Recent

Author Topic: How can I sort String Column Numerically  (Read 2963 times)

Aruna

  • Sr. Member
  • ****
  • Posts: 353
Re: How can I sort String Column Numerically
« Reply #15 on: July 25, 2024, 02:31:38 am »
Quote
However, TCSVDataset conveniently has another method named LoadCSVFromFile that does leave the definitions intact when loading the data.
Yes, but it does not read the non-string fields.
What do I have to do to make it read the non-string fields?

Quote
In the attachment (csv_fielddefs_3) there is a modified version of the previous demo: At first it should be noted that using LoadCSVFromFile the FileName field must be empty because this locks the file for opening with LoadCSVFromFile.
Ok, understood and thank you for explaining the *reason why*

Quote
Again, the demo creates FieldDefs with an integer and a string field and opens the dataset; the DBGrid is empty initially as there are not data yet. The field types are displayed correctly, however.
I tested your code and yes this is the behaviour.

Quote
Now type in some data and exit the application - because there is no FileName, the records must be saved manually by calling SaveToCSVFile in the OnDestroy handler of the form.
Ah, Thank you again I just learnt something useful.

Quote
Open the generated data file ("data.csv") in an external editor and convince yourself that the data are stored correctly. Close the editor, and run the application again. Now the data file exists and is read via LoadFromCSVFile. The data types are still correct, but you'll notice that the integer column is empty now!
Yes, The data is stored correctly. The data types are correct but the integer column is empty. I have attached a screenshot.

Quote
As I said before: The TCSVDataset is useful only with string fields.
True and agreed. If I go through the TBufDataset source and carefully study how they have done it. How likely is it I may be able to implement the same behaviour in a TCSVDataset? Might be possible?

Quote
If you want to read non-string fields from a CSV file I would use a different type of dataset, maybe TDbf or TBufDataset. In the attachment (csv_fielddefs_4) you find a small application how to do this. The essential part is that you must write a reader for the CSV data yourself, but this is easy - the code shows a way using classic Pascal file access.
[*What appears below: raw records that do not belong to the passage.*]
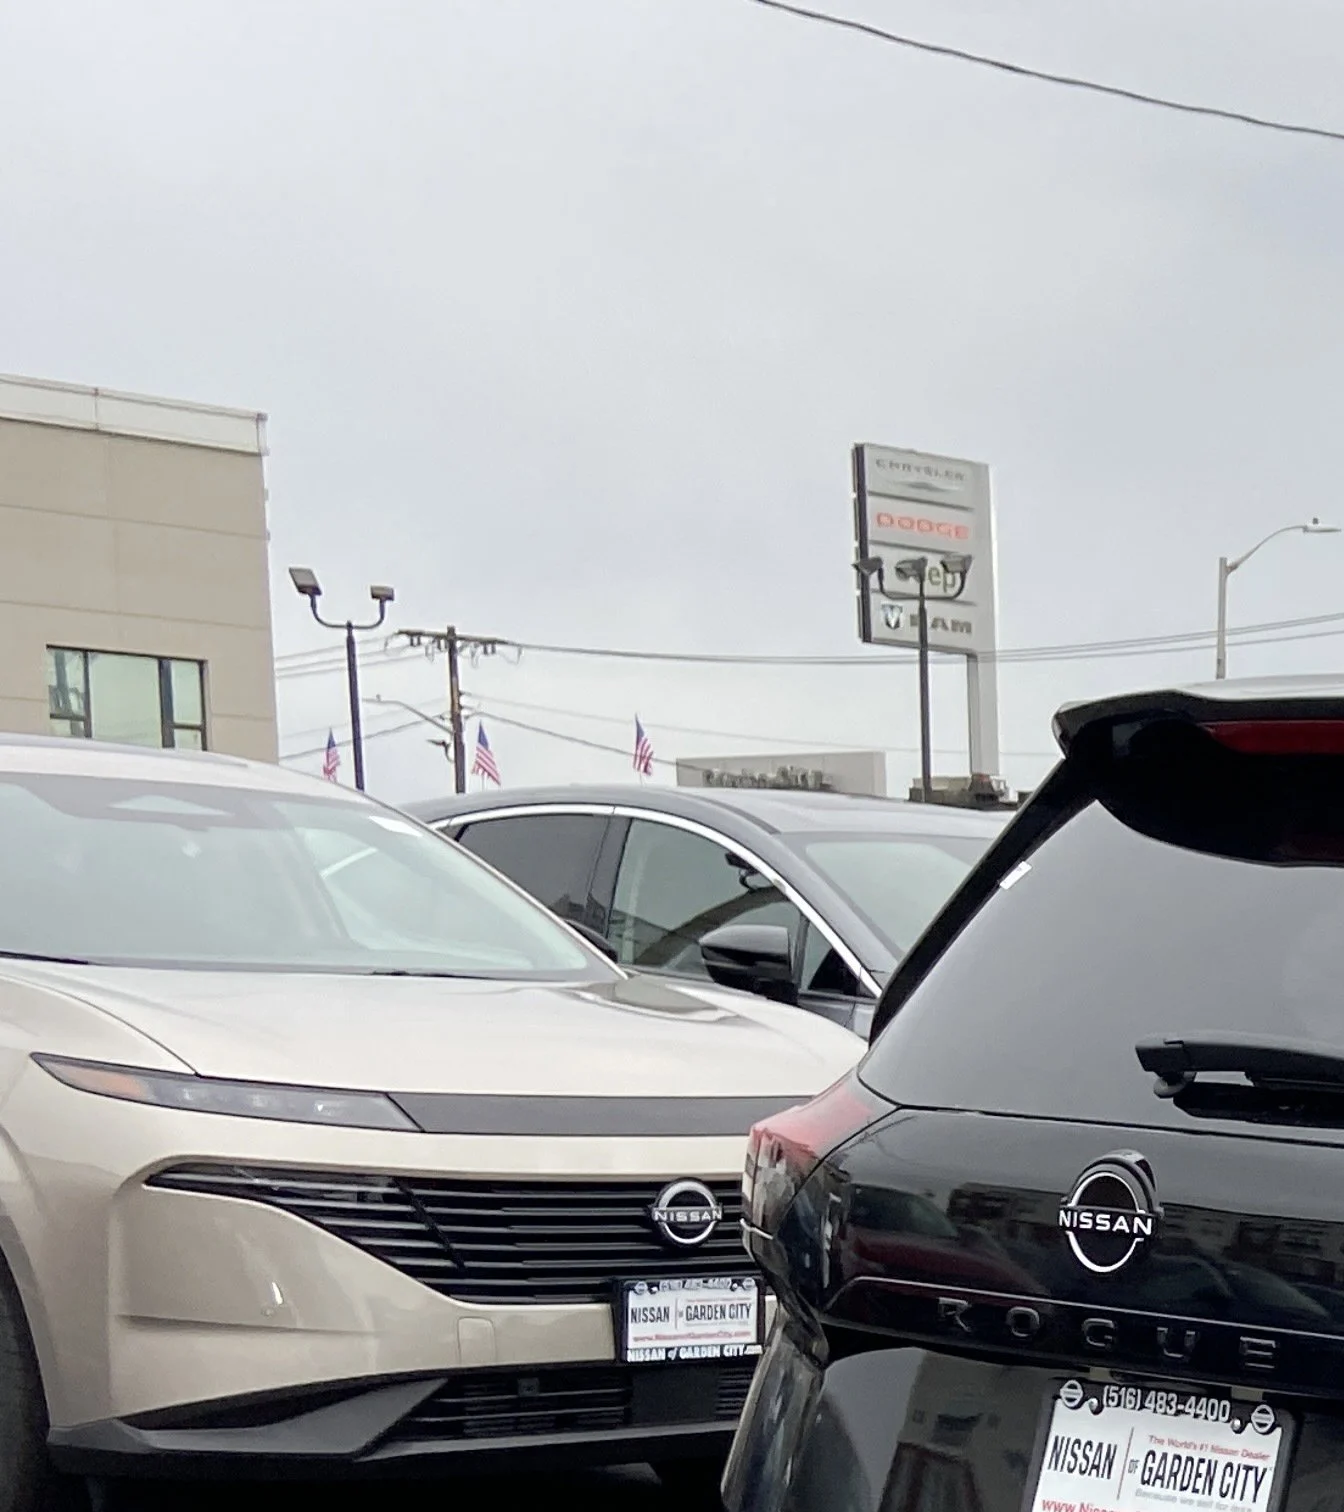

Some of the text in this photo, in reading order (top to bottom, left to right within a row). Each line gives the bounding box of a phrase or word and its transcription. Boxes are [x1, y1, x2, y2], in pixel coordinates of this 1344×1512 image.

[876, 511, 970, 540] DODGE
[653, 1208, 723, 1222] NISSAN
[1058, 1209, 1153, 1236] NISSAN
[630, 1305, 670, 1324] NISSAN
[685, 1303, 727, 1322] GARDEN
[728, 1302, 753, 1319] CITY
[938, 1297, 1277, 1369] ROGUE
[627, 1347, 666, 1362] NISSAN
[679, 1346, 721, 1360] GARDEN
[1102, 1385, 1231, 1424] (516) 483-4400
[1046, 1435, 1118, 1480] NISSAN
[1148, 1434, 1165, 1446] The
[1240, 1448, 1271, 1463] Dealer
[1127, 1449, 1268, 1504] OF GARDEN CITY
In case of more complex CSV files (e.g. line breaks in the text fields) I'd recommend to use the TCSVDocument.
Thank you very much @wp I just learnt a whole lot of extremely useful stuff.
« Last Edit: July 25, 2024, 03:17:27 am by Aruna »
Debian GNU/Linux 11 (bullseye)
https://pascal.chat/

Aruna

  • Sr. Member
  • ****
  • Posts: 353
Re: How can I sort String Column Numerically
« Reply #16 on: July 25, 2024, 02:43:16 am »
@wp:
I understand your reply with alternative solutions (very much appreciated btw) but I have a hunch that the objective of Aruna is not to work around the issue rather to grasp the current situation wrt TCVSDataSet (and see if it perhaps can be improved).
Yes very much appreciate the time and effort @wp spent putting together the alternative solutions. @TRon you would be right I am simply trying to give TCVSDataset the same functionality that TBufDataset has. Unless there is a reason not to do so? I am trying to familiarise myself with the TCVSDataset source first then TBufDataset source to see if I may be able to implement the same functionality in TCVSDataset where non-string fields will respect FieldDefs types.

Quote
I am completely on par with your view that TCVSDataSet has its limitations (hence why I never use it myself) not in the least because it committed itself to a certain RFC.
Which RFC? I am curious.
Debian GNU/Linux 11 (bullseye)
https://pascal.chat/

TRon

  • Hero Member
  • *****
  • Posts: 3129
Re: How can I sort String Column Numerically
« Reply #17 on: July 25, 2024, 04:08:43 am »
Which RFC? I am curious.
That would be RFC 4180 CSV.

If you look for that in the source-code then you can find that mentioned.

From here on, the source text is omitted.